IndustryWeek's elite panel of regular contributors.

Peter Drucker once said, “Culture eats strategy for breakfast.” Throughout my career, I have spent a lot of time in the strategy room. But no matter what we decided there, until we got the organizational culture right, we were unsuccessful in executing our goals.

So, I must agree with Mr. Drucker.

At Onex, we take pride in our organizational culture. It took us years to move away from traditional top-down management to a people-centric focus. That is not to say we are perfect, as we are continuously trying to improve.  For 2022, our company’s wildly important goal is to improve our customers’ experience. If, as a team, we are firing on all cylinders, then the client will be happier.

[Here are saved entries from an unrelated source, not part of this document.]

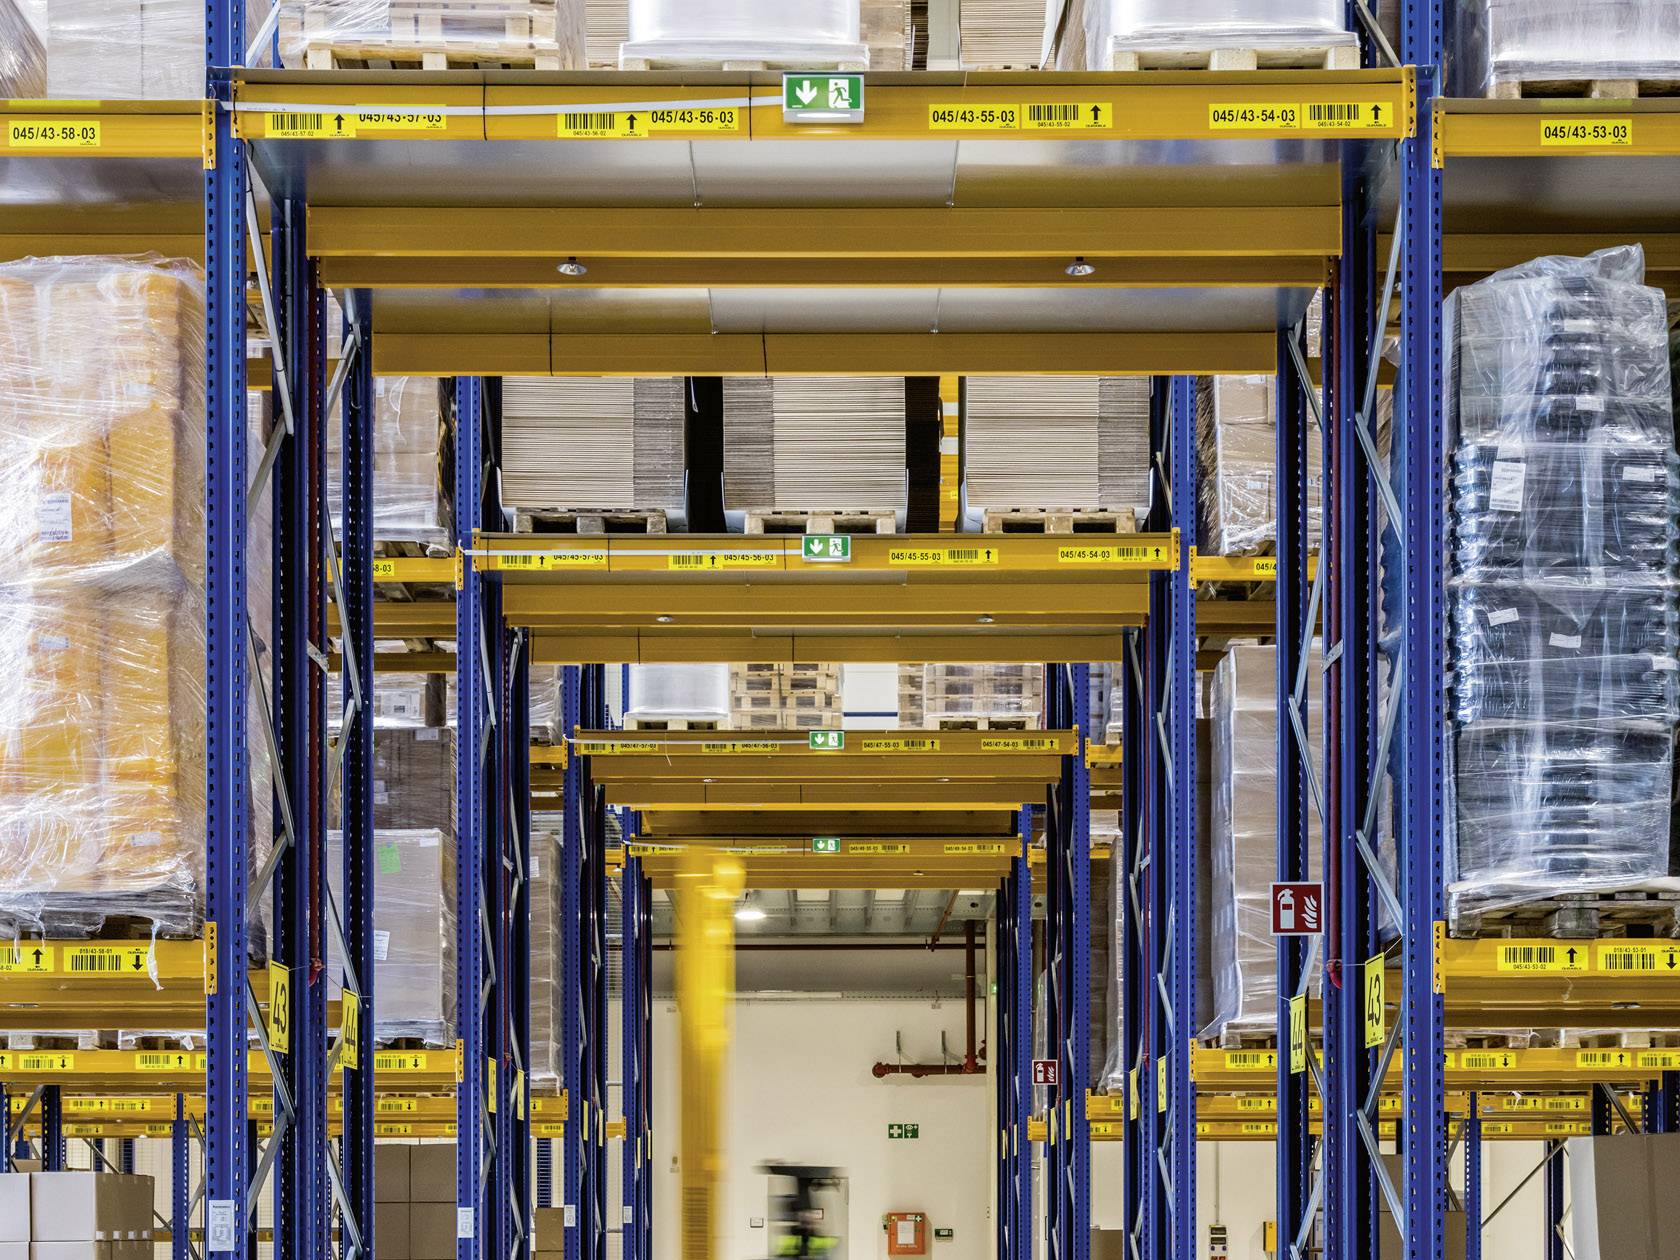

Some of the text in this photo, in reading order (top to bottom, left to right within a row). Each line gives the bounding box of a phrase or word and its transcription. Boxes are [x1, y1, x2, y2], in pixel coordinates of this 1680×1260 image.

[651, 110, 734, 124] 045/43-56-03
[932, 110, 1015, 123] 045/43-55-03
[1212, 109, 1296, 122] 045/43-54-03
[13, 127, 96, 140] 045/43-58-03
[1544, 125, 1627, 139] 045/43-53-03
[891, 552, 941, 560] 045/45-55-03
[1367, 973, 1381, 1027] 43
[272, 981, 287, 1035] 43
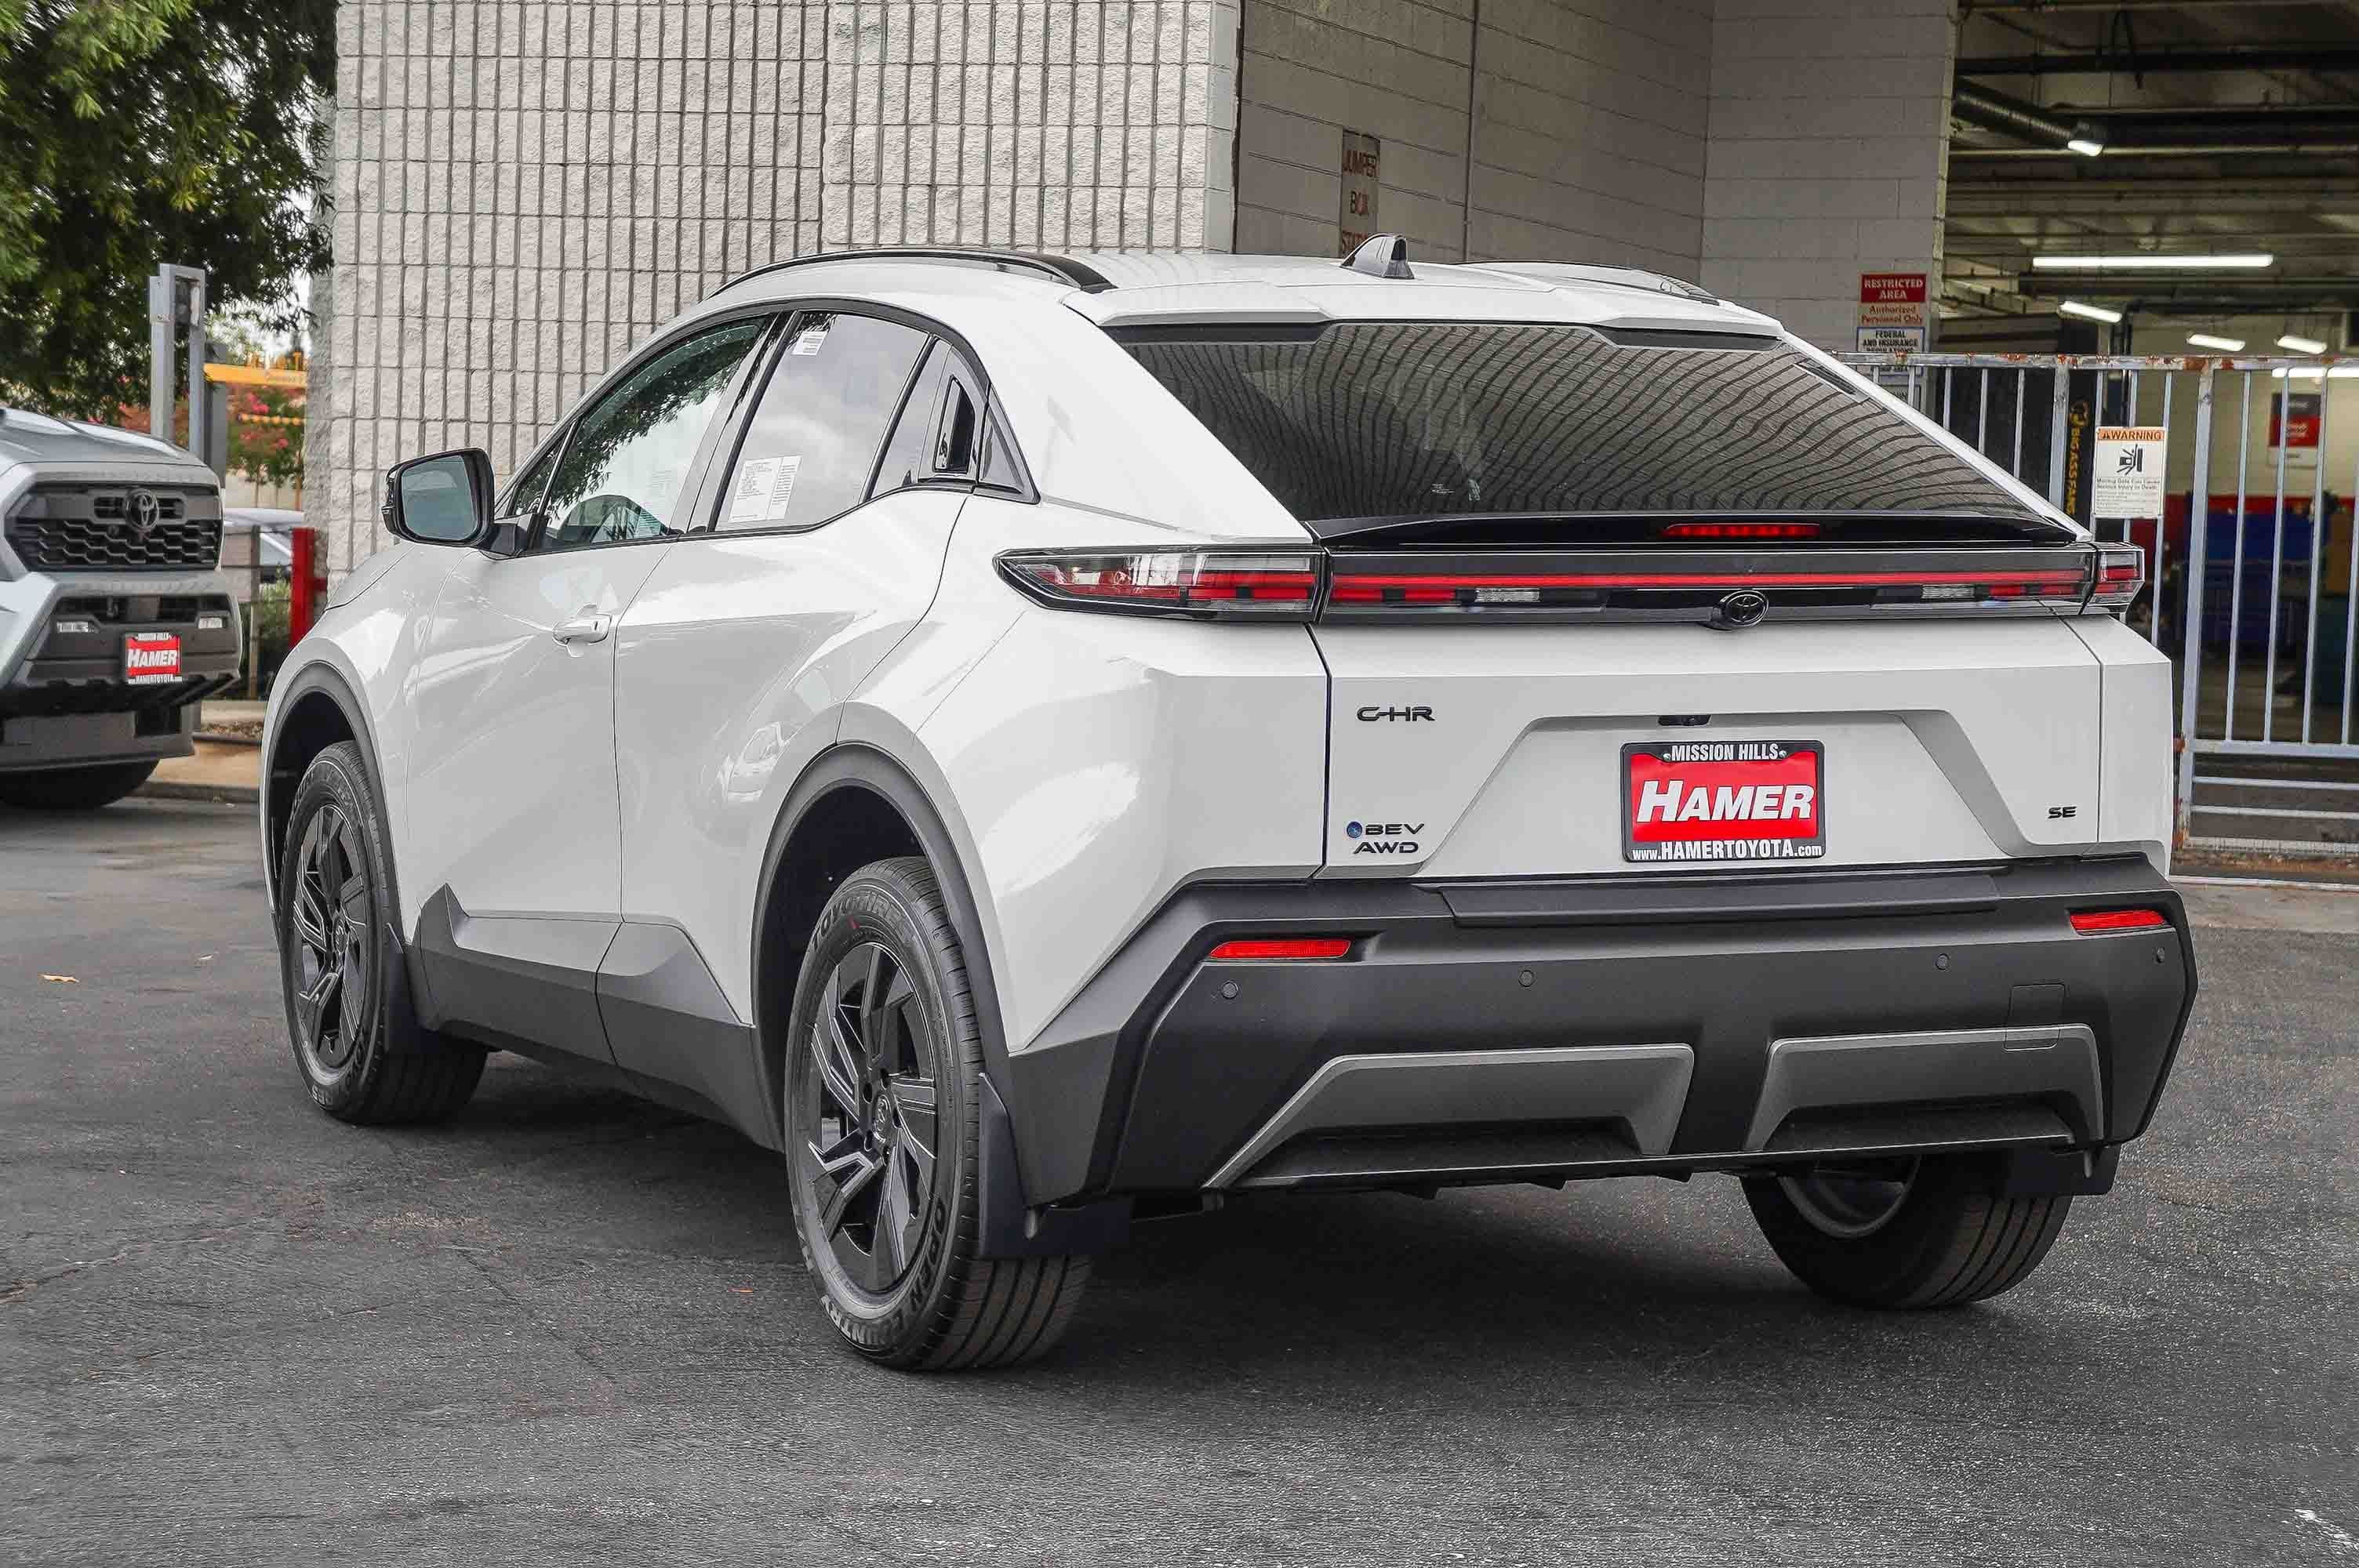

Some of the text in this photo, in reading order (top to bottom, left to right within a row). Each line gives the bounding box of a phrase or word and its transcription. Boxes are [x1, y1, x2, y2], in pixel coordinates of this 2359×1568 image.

We started this journey with an organizational culture assessment. The process began with an online survey with questions based around pay, benefits and job satisfaction. Additionally, we included questions that we felt were important for Onex based on the mission of the company to make things better, our core values as they relate to behavior and whether employees felt their contributions were recognized and appreciated. And conducted one-on-one interviews with almost all personnel—in my opinion, the most important part of the process.

Why is feedback so hard to hear, even when you ask for it? Why do you focus on the few negative things when so many things are going well?

What We Learned

Overwhelmingly, people love their jobs. Employees feel their work is a part of a larger mission to support American manufacturing. Everyone understands we are helping to maintain critical industries such as aerospace, defense and oil and gas.

As an organization, we know mistakes will happen. What is important is how we solve problems and grow through learning. We treat people fairly and work to improve daily.

Where We Need to Improve

As the findings were presented in our board meeting, the leadership team was all wrapped up in an area of opportunity surrounding siloed departments. At Onex, our office and production staff are at the plant daily. However, the other departments are not in the same facility most days. Our service teams are almost always on a client’s site repairing their industrial furnaces. So, yes, we are siloed by physical location.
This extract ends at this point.